Objective: Recent dietary trials and observational studies have focused on the effects of diet on health outcomes such as improvement in levels of surrogate biomarkers. The aim of our study was to examine the changes in weight, adipocytokines levels and insulin resistance after a high-protein/low carbohydrate hypocaloric diet vs. a standard hypocaloric diet during an intervention of 9 months.
Subjects and methods: 331 obese subjects were randomly allocated to one of two diets for a period of 9 months. Diet HP (n=168) (high-protein hypocaloric diet) consisted in a diet of 1050 cal/day, 33% of carbohydrates, 33% of fats and 34% of proteins. Diet S (n=163) (standard protein hypocaloric diet) consisted in a diet of 1093 cal/day, 53% carbohydrates, 27%fats, and 20% proteins.
Results: With the diets HP and S, BMI, weight, fat mass, waist circumference, waist-to-hip ratio, systolic blood pressure, total cholesterol, LDL-cholesterol, insulin and HOMA decreased. The decrease at 9 months of (BMI: -2.6±1.3kg/m(2) vs. -2.1±1.2kg/m(2):p<0.05), weight (-8.4±4.2kg vs. -5.0±4.1kg: p<0.05), fat mass (-5.1±4.1kg vs. -3.4±4.2kg: p<0.05), systolic blood pressure (-5.1±7.1mmHg vs. -3.1±2.1mmHg: p<0.05), (insulin levels -4.0±4.8 UI/L vs. -2.2±2.4 UI/L; p<0.05) and HOMA (-0.8±1.0 units vs. -0.3±1.0 units; p<0.05) was higher in diet HP than Diet S. With both diets, leptin levels decreased.

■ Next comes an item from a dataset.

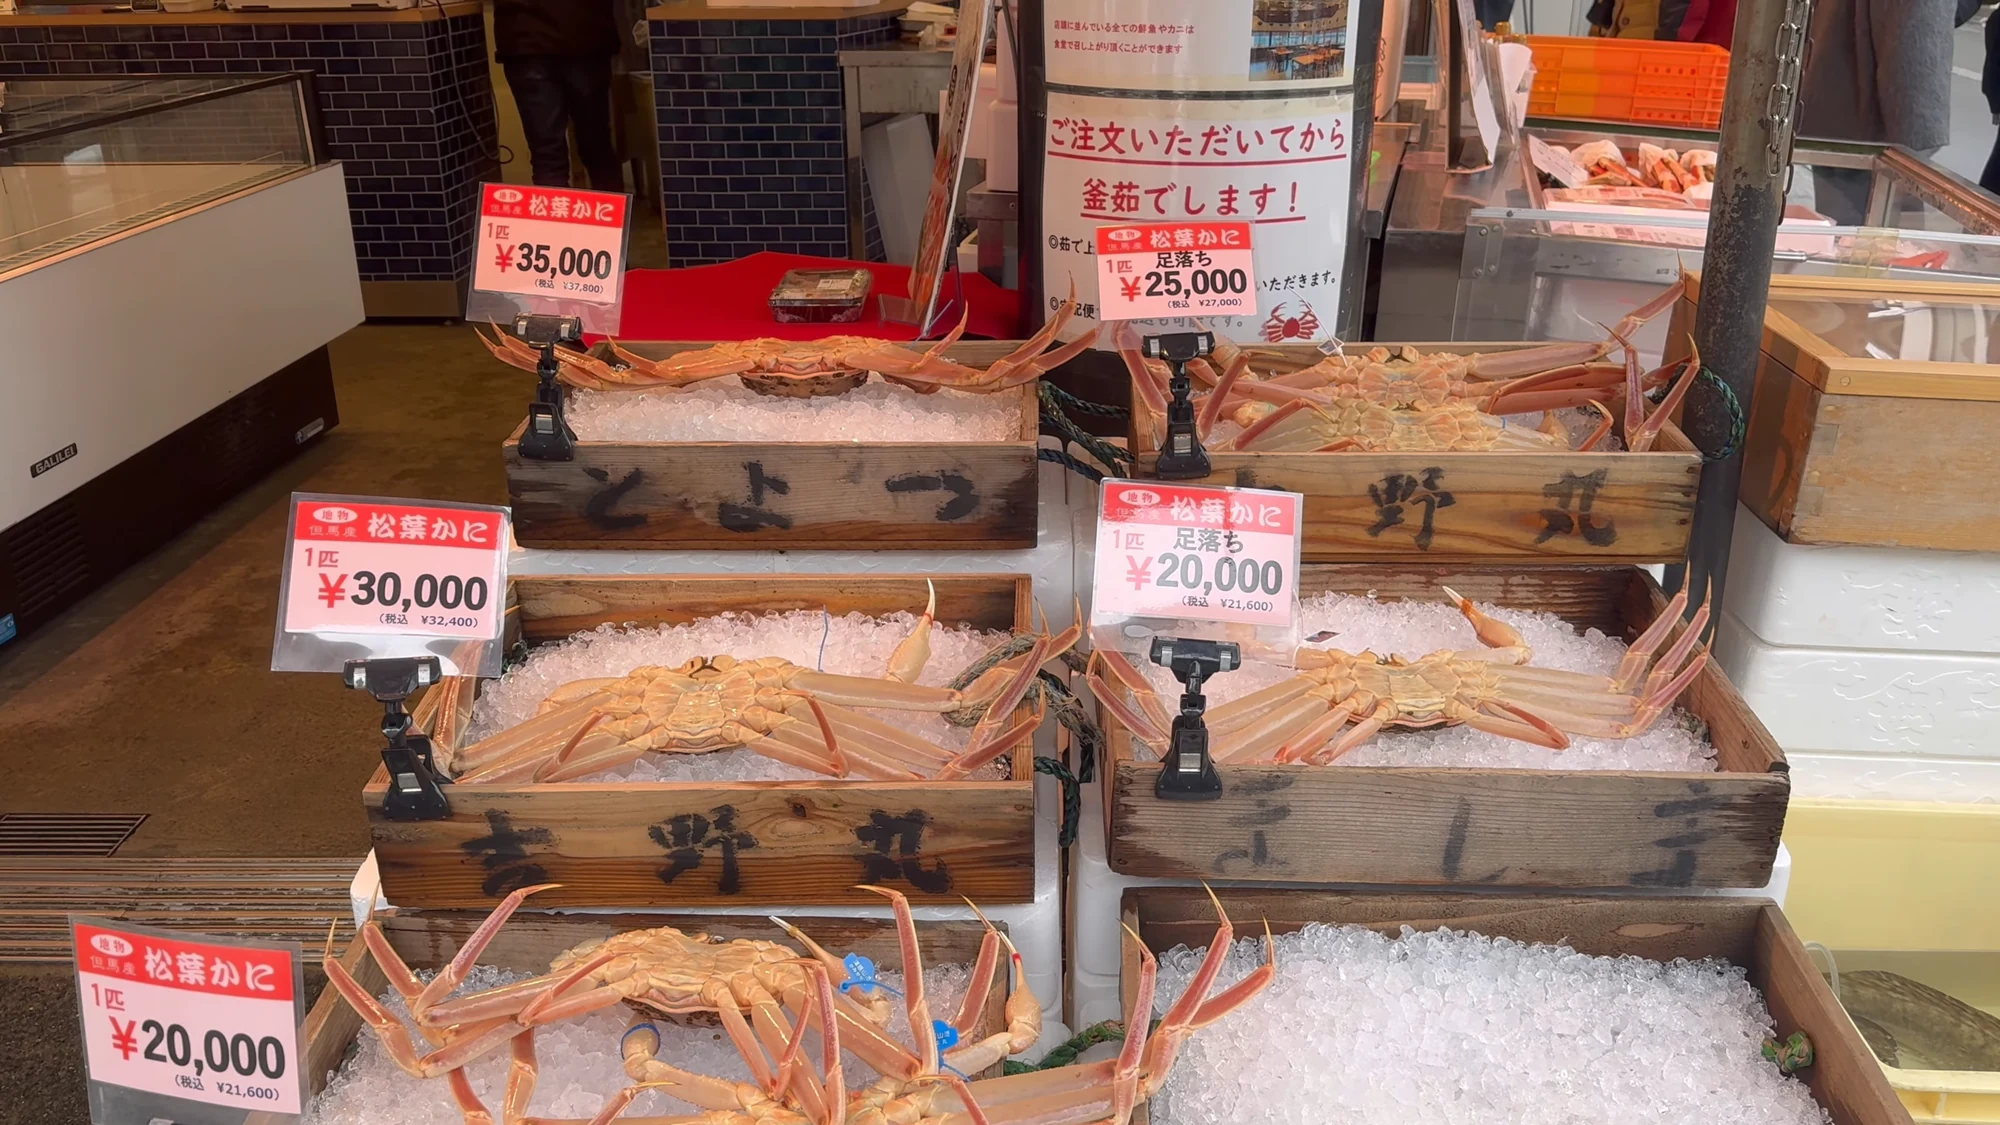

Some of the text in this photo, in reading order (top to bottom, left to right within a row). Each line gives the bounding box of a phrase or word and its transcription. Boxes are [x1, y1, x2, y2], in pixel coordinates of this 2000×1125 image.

Conclusion: A high-protein/low carbohydrate hypocaloric diet shows a higher weight loss, insulin and HOMA-R decreased after 9 months than a standard hypocaloric diet. The improvement in adipokine levels was similar with both diets.
Keywords: Adipocytokines; Cardiovascular risk factors; Diet; Insulin resistance; Obesity.